__Task requirements__
Set down every entry exactly as it stands, omitting any picture.

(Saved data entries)
-*-

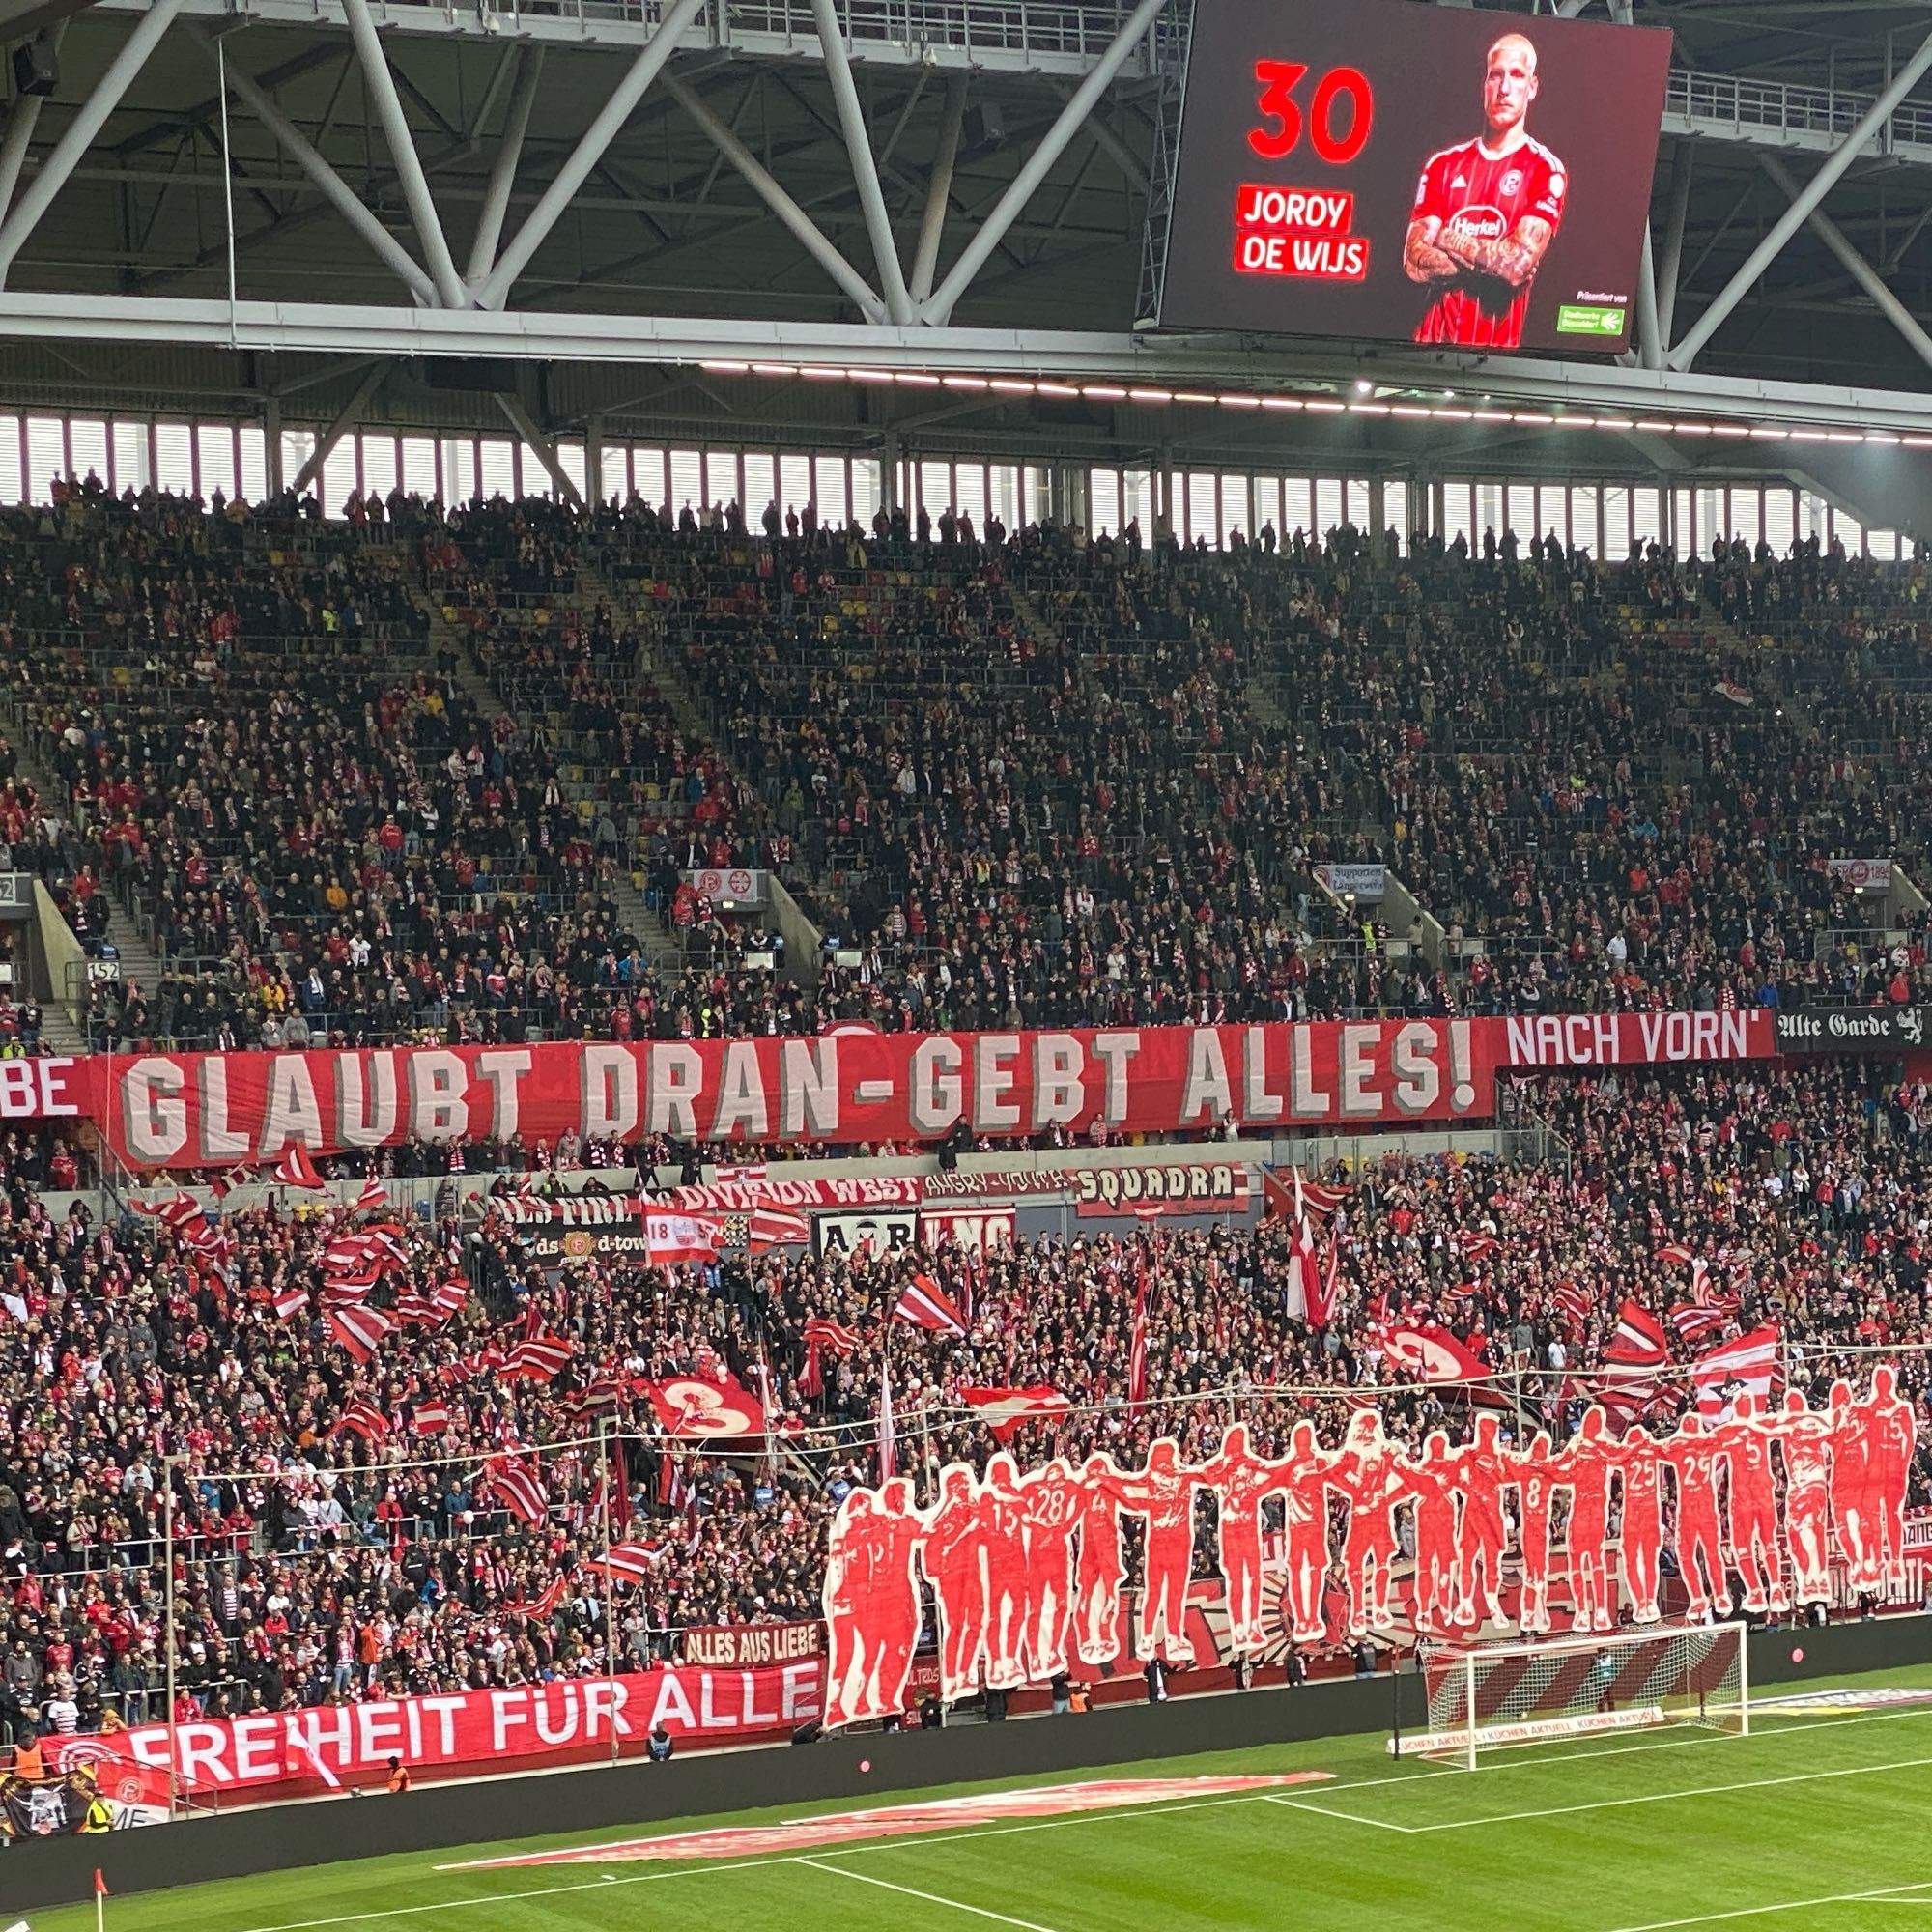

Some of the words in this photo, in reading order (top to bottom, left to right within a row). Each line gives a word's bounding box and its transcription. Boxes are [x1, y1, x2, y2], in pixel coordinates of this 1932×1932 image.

[1247, 60, 1374, 164] 30
[1243, 190, 1348, 229] JORDY
[1242, 238, 1285, 270] DE
[1292, 242, 1363, 275] WIJS
[90, 964, 118, 979] 152
[1506, 1012, 1621, 1065] NACH
[1644, 1009, 1760, 1062] VORN'
[1777, 1014, 1823, 1037] Alte
[1828, 1014, 1891, 1037] Garde
[122, 1049, 532, 1161] GLAUBT
[580, 1036, 840, 1146] DRAN
[908, 1031, 1141, 1130] GEBT
[1180, 1018, 1477, 1126] ALLES!
[828, 1175, 918, 1203] WEST
[1077, 1165, 1232, 1206] SQUADRA
[1037, 1488, 1065, 1525] 28
[1527, 1478, 1541, 1509] 8
[686, 1632, 736, 1664] ALLES
[739, 1631, 770, 1662] AUS
[773, 1623, 819, 1660] LIEBE
[491, 1681, 633, 1750] FÜR
[649, 1661, 821, 1732] ALLE
[1397, 1739, 1435, 1750] ÜCHEN

-*-

__Written response__
Some of the words in this photo, in reading order (top to bottom, left to right within a row). Each line gives a word's bounding box and its transcription. Boxes are [x1, y1, x2, y2], in pixel coordinates of this 1932×1932 image.

[1247, 60, 1374, 164] 30
[1243, 190, 1348, 229] JORDY
[1242, 238, 1285, 270] DE
[1292, 242, 1363, 275] WIJS
[90, 964, 118, 979] 152
[1506, 1012, 1621, 1065] NACH
[1644, 1009, 1760, 1062] VORN'
[1777, 1014, 1823, 1037] Alte
[1828, 1014, 1891, 1037] Garde
[122, 1049, 532, 1161] GLAUBT
[580, 1036, 840, 1146] DRAN
[908, 1031, 1141, 1130] GEBT
[1180, 1018, 1477, 1126] ALLES!
[828, 1175, 918, 1203] WEST
[1077, 1165, 1232, 1206] SQUADRA
[1037, 1488, 1065, 1525] 28
[1527, 1478, 1541, 1509] 8
[686, 1632, 736, 1664] ALLES
[739, 1631, 770, 1662] AUS
[773, 1623, 819, 1660] LIEBE
[491, 1681, 633, 1750] FÜR
[649, 1661, 821, 1732] ALLE
[1397, 1739, 1435, 1750] ÜCHEN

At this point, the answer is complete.